AJP - Heart and Circulatory Physiology, Vol 242, Issue 1 79-H88, Copyright © 1982 by American Physiological Society
Effects of inorganic phosphate on ion exchange, energy state, and contraction in mammalian heart
J. E. Ponce-Hornos and G. A. Langer
Effects of inorganic phosphate (Pi) on contractile function, ionic
exchange, and cellular energetic state were investigated in isolated,
arterially perfused, interventricular rabbit septa.
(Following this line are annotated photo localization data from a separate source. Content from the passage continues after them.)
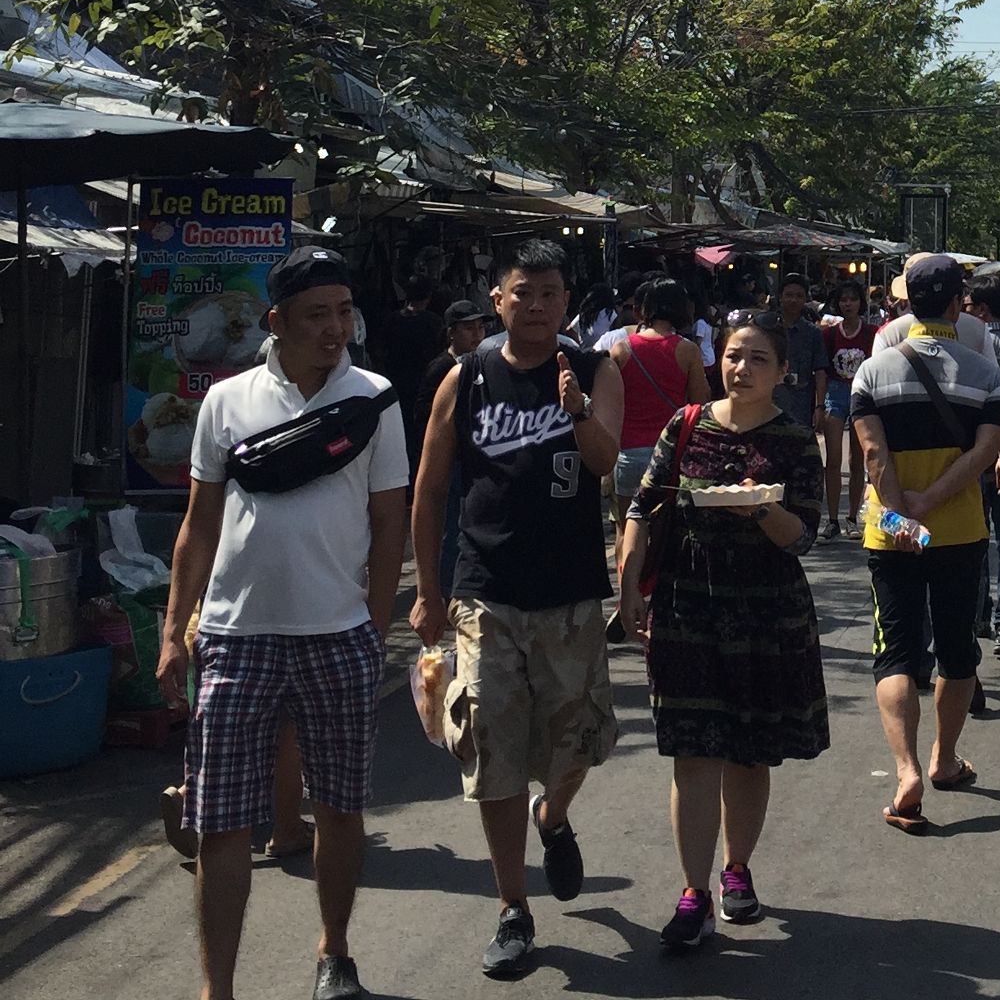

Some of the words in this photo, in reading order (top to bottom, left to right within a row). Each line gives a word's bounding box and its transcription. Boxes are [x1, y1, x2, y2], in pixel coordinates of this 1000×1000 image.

[149, 187, 193, 216] Ice
[200, 187, 286, 216] Cream
[184, 222, 286, 247] Coconut
[141, 250, 175, 265] Whole
[177, 250, 223, 265] Coconut
[140, 268, 171, 296] ฟรี
[137, 302, 167, 318] Free
[136, 318, 190, 336] Topping
[188, 372, 213, 393] 50
[472, 401, 572, 445] Kings
[550, 450, 582, 499] 9
The addition of 10 or
20 mM Pi to a N-2-hydroxyethylpiperazine-N'-2-ethanesulfonic acid (HEPES)
buffered perfusate showed 1) a decrease in developed tension due to a
decrease in free Ca concentration; 2) an increase in diastolic tension; 3)
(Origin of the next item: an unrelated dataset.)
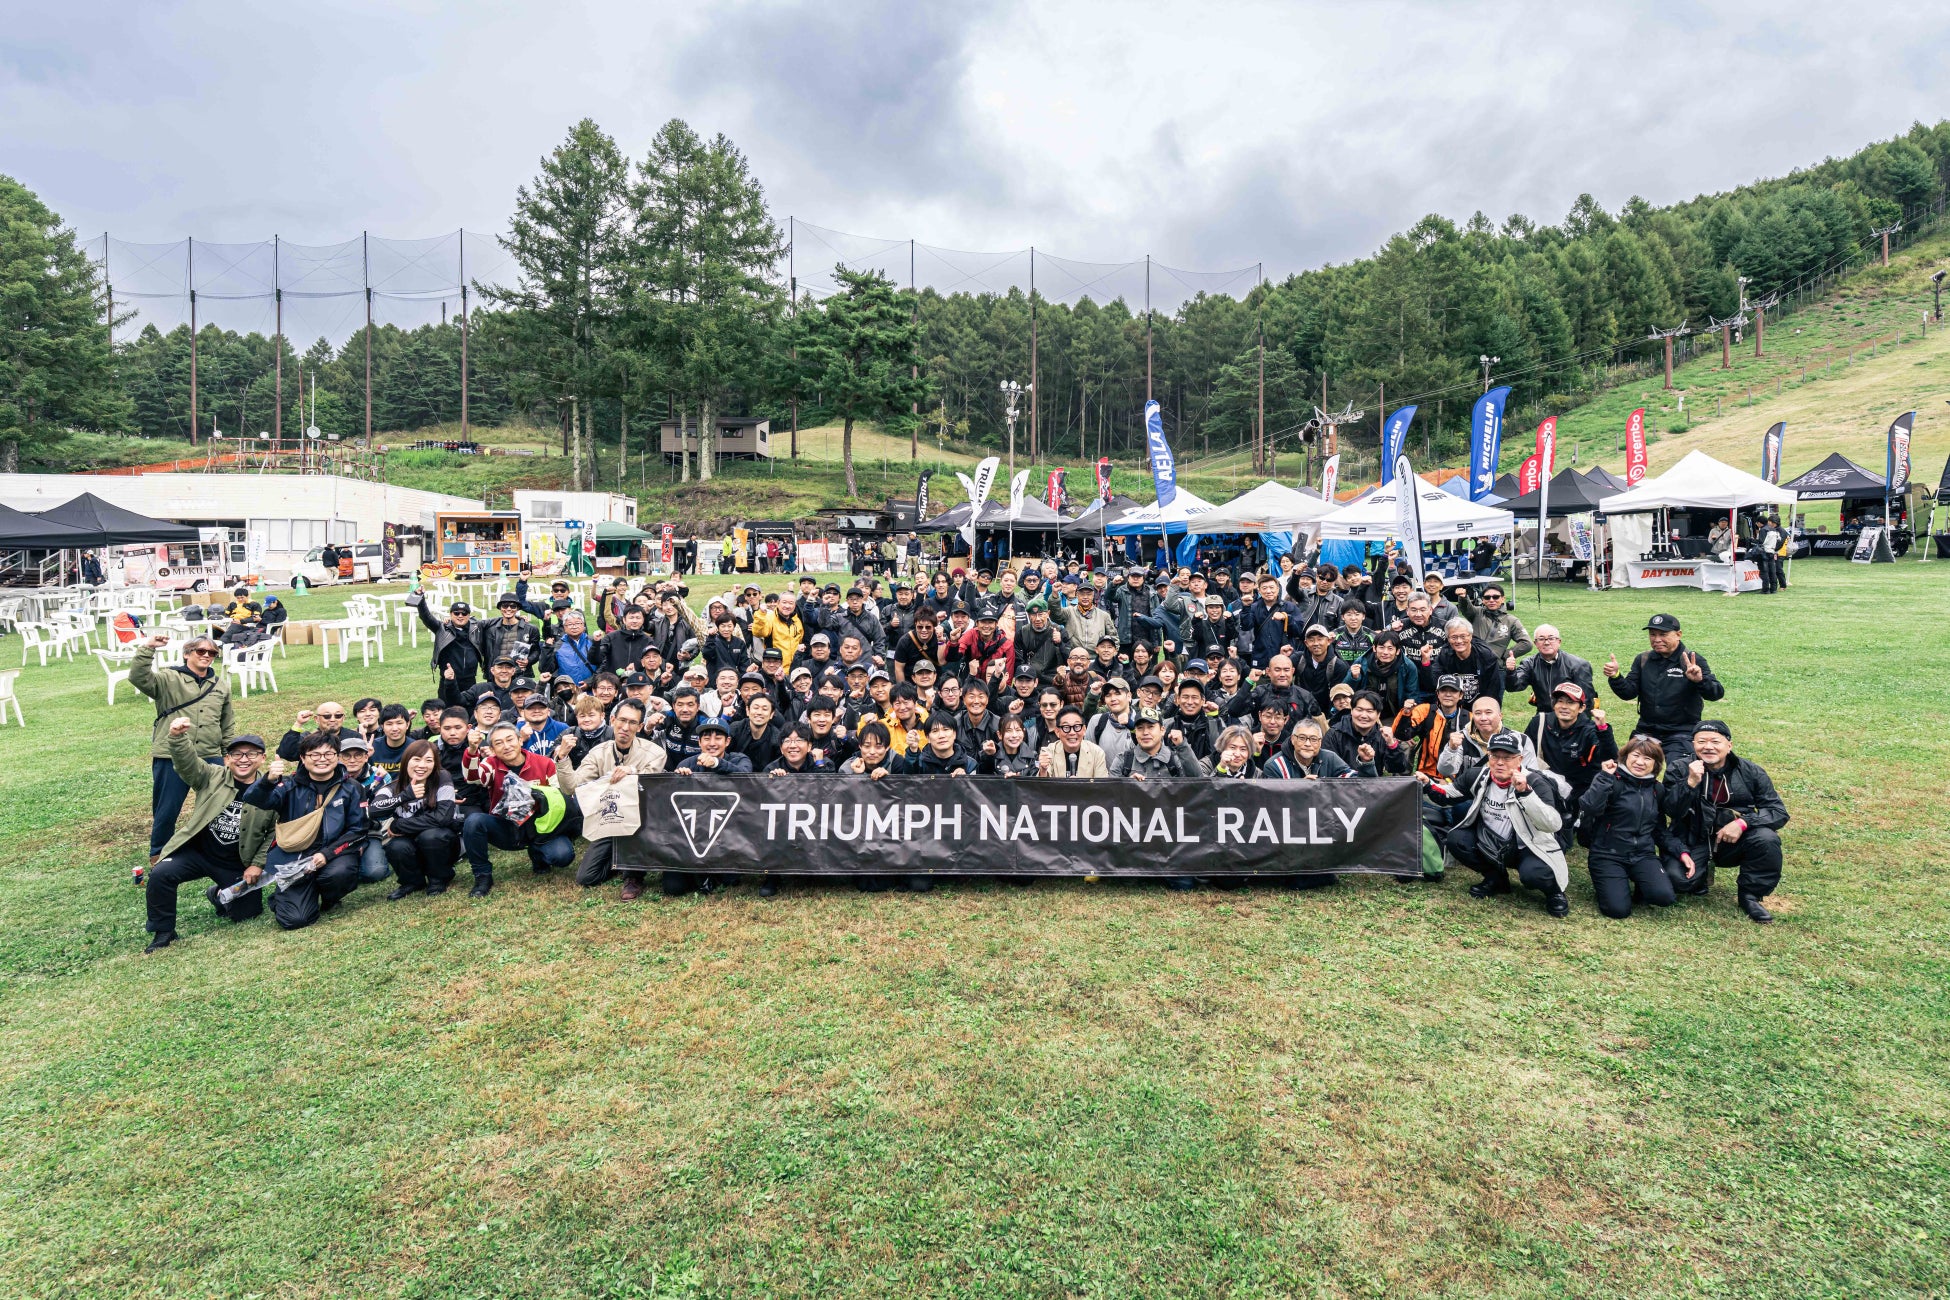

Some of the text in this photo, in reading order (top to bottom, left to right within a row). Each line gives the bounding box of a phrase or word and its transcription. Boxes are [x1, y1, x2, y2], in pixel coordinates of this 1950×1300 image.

a decrease in 42K uptake at the same time that 42K efflux was depressed; 4)
an increase of 24Na activity; 5) an increase in tissue 47Ca activity; and
6) a decrease in tissue adenosine 5'-triphosphate (ATP) levels. If a 10-mM
Pi intervention was applied without changing the free Ca concentration of
the perfusate, the mechanical record showed a transient positive inotropic
effect without changes in K efflux. These results are consistent with
Pi-induced stimulated mitochondrial Ca uptake and Na-K pump inhibition that
combine to increase cellular Ca uptake. The increase in cellular Ca and the
decrease in cellular ATP would both tend to increase diastolic tension. In
the presence of antimycin A, respiration-dependent Ca uptake is inhibited,
and mitochondrial Ca uptake is then maintained at the expense of cellular
ATP. This process of mitochondrial Ca uptake could account for the
deficiency of ATP and the rigor type contracture that occurs with antimycin
A. This energy-deficient state is modified if mitochondrial ATP consumption
is blocked by oligomycin, and such treatment prevents the ATP-deficient
rigor. Under these conditions, although mitochondrial Ca uptake is blocked
by the presence of antimycin A and oligomycin, Ca uptake remains augmented
secondary to Na-K pump inhibition by Pi.